I once had a conversation with a superintendent about verticutting and how often they did it. His response was "not nearly as often as I would like". When I asked how often he would verticut in a perfect world, he went on a tangent about keeping the members happy so he could only verticut a couple of times a year. We got interrupted so I never got the answer. @viva_oldtrafford how often should hybrid Bermuda mowed between 3/8" and 1/2" be verticut to keep it healthy? I have a feeling the answer is going to be "It depends" based on fertility and water/rain but I have to ask anyway.


----------



## viva_oldtrafford (Apr 4, 2018)

Redtwin said:


> I once had a conversation with a superintendent about verticutting and how often they did it. His response was "not nearly as often as I would like". When I asked how often he would verticut in a perfect world, he went on a tangent about keeping the members happy so he could only verticut a couple of times a year. We got interrupted so I never got the answer. @viva_oldtrafford how often should hybrid Bermuda mowed between 3/8" and 1/2" be verticut to keep it healthy? I have a feeling the answer is going to be "It depends" based on fertility and water/rain but I have to ask anyway.

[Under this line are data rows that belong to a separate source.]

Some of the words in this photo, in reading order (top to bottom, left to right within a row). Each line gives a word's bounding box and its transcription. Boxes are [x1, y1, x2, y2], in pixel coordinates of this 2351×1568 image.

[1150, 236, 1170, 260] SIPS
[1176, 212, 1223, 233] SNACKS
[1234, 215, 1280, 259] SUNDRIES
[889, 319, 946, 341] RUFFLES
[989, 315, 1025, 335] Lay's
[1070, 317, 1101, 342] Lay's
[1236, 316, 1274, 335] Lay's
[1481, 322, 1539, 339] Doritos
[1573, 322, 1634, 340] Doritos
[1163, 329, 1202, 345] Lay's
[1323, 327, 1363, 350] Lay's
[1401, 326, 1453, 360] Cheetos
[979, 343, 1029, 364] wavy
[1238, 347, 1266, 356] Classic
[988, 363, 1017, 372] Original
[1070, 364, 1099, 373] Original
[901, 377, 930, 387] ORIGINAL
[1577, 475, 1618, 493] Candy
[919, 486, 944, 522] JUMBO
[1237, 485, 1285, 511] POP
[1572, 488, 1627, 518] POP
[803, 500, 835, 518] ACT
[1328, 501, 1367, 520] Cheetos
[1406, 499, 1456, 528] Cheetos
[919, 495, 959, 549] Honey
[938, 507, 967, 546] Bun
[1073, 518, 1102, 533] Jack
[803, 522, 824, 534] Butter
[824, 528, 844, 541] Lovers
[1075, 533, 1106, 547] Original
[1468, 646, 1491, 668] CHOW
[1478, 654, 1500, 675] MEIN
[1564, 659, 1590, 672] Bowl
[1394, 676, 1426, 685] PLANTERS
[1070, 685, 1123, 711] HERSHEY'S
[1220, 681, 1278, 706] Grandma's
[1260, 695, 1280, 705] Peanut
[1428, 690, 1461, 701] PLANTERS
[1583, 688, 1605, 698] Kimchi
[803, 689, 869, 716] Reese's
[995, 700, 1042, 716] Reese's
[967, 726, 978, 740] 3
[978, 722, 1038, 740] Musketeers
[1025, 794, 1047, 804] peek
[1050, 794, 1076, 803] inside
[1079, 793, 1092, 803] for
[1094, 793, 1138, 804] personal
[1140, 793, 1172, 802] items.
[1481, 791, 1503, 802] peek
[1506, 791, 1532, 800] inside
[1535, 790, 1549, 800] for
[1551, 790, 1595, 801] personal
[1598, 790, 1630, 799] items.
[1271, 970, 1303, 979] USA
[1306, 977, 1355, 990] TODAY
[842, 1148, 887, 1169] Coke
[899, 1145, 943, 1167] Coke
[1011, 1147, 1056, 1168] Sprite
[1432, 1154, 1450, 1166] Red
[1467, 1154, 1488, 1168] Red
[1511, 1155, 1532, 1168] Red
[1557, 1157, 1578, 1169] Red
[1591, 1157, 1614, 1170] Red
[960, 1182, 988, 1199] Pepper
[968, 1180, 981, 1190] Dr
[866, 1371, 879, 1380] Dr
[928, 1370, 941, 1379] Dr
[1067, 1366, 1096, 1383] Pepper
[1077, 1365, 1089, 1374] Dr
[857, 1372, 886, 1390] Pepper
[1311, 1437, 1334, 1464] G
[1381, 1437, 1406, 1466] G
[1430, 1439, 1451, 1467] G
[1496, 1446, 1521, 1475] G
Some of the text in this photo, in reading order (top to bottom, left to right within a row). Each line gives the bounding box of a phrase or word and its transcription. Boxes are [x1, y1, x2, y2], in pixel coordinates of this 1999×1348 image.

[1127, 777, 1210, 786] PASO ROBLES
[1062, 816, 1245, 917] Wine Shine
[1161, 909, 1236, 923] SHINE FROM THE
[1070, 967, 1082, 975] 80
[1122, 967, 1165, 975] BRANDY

for a "healthy" lawn? Once a year should suffice....I have outer areas that might get hit once every 3-4 years.

Switching to a golf course scenario where you want firm conditions with very little grain, then yeah, 2-3 times a year may be needed...depending on environmental conditions and user inputs. We would all love to verticut 3 times a year, scalp down with a circle cut, and apply a heavy topdressing, but time is limited and members want to play right now!


----------



## Twodollarblue (May 26, 2020)

Had to do some P.I. work to figure out what circle cutting was. Pretty neat. https://www.usga.org/content/usga/home-page/course-care/green-section-record/58/11/don-t-be-afraid-to-go-around-in-circles.html


----------



## latitude36 (Mar 27, 2019)

cglarsen said:


> latitude36 said:
> 
> 
> > A good deep verticut/power rake helps with the scalp. Helps take the "float" out. I now consider mild verticutting like preventative maint-- on the same page as fungicides--ad here to a schedule to make it less painful when you do. If I had the swardman then it would be done once a month during the growing season.
> ...


Let me preface this--I am applying very little nitrogen per [email protected] .25 per month or less in July-August. I have found micro feeding urea @PGR intervals with added micro supplements keep the grass looking good without the excessive growth. I have avoided the mid summer scalp with the verticutter/de thatcher. I do have area's that do get too fluffy/thick but that is due to overlapping irrigation heads and excessive grain that I have caused due to cutting in certain directions. I verticut twice a year--spring and late June/July---I believe I did 3 times last year on direct southern exposure sections. Some sections that receive a lot of sun get verticut in 3-4 directions while everything else gets cut in two directions. When I am done the turf is very firm to walk on. I maintain 1/2 inch all year with no scalp. The LAT 36 looks very nice on a low dose feeding schedule.


----------



## cglarsen (Dec 28, 2018)

latitude36 said:


> cglarsen said:
> 
> 
> > latitude36 said:
> ...


THIS is exactly what I was looking for. Thank you. Am I interpreting correctly that you verticut multiple passes during those spring and summer events? I think the key as you said is to get a firm surface and remove the cushion underfoot. And low inputs as well.


----------



## Sonoran Desert Lawn (Aug 22, 2020)

I have a Sunjoe scarifier. It always seems like it shreds the nice Bermuda up. Does it legitimately assist in verticutting or does it just destroy the stolon basket weaving?


----------



## Redtwin (Feb 9, 2019)

@Sonoran Desert Lawn are you using the tines or the blades?


----------



## Sonoran Desert Lawn (Aug 22, 2020)

Redtwin said:


> @Sonoran Desert Lawn are you using the tines or the blades?


Scarifier. I don't use the tines. In fact I don't even know where my tines blade is located. I considered it trash for a Bermuda lawn.


----------



## Redtwin (Feb 9, 2019)

Sonoran Desert Lawn said:


> Scarifier. I don't use the tines. In fact I don't even know where my tines blade is located. I considered it trash for a Bermuda lawn.


Me too but had to ask. The fixed blades on the SunJoe worked pretty well with my Bermuda without much ripping or shredding. There are some who have put an edge on the blades but I never have.


----------



## latitude36 (Mar 27, 2019)

cglarsen said:


> latitude36 said:
> 
> 
> > cglarsen said:
> ...


Yes--I verticut at least in two different directions. Some sections receive 3-4 passes. When I am done the ground is very hard to walk on--no cushion. I am micro feeding @weekly by foliar spraying and therefore avoiding excess growth. I find this process less work than scalping while also not leaving things looking crappy for a week or so. Next year after spring scalp I will cut in 4 different directions in growing season in hope of creating less grain. Currently I cut in two different directions however; I have some areas with limited space that get cut in one direction and grain is an issue. My verticutter is a push model or I would probably due it more often.


----------



## cglarsen (Dec 28, 2018)

latitude36 said:


> cglarsen said:
> 
> 
> > latitude36 said:
> ...


I hear ya. I feed very little N too and will be changing practices next season. I just scalped and verticut 30k and not a enjoyable. I'll switch to monthly vert cut before midsummer scalping again. Multiple directions too. Pain in the rear to collect, bag, and dispose of several yards of debris all at once.


----------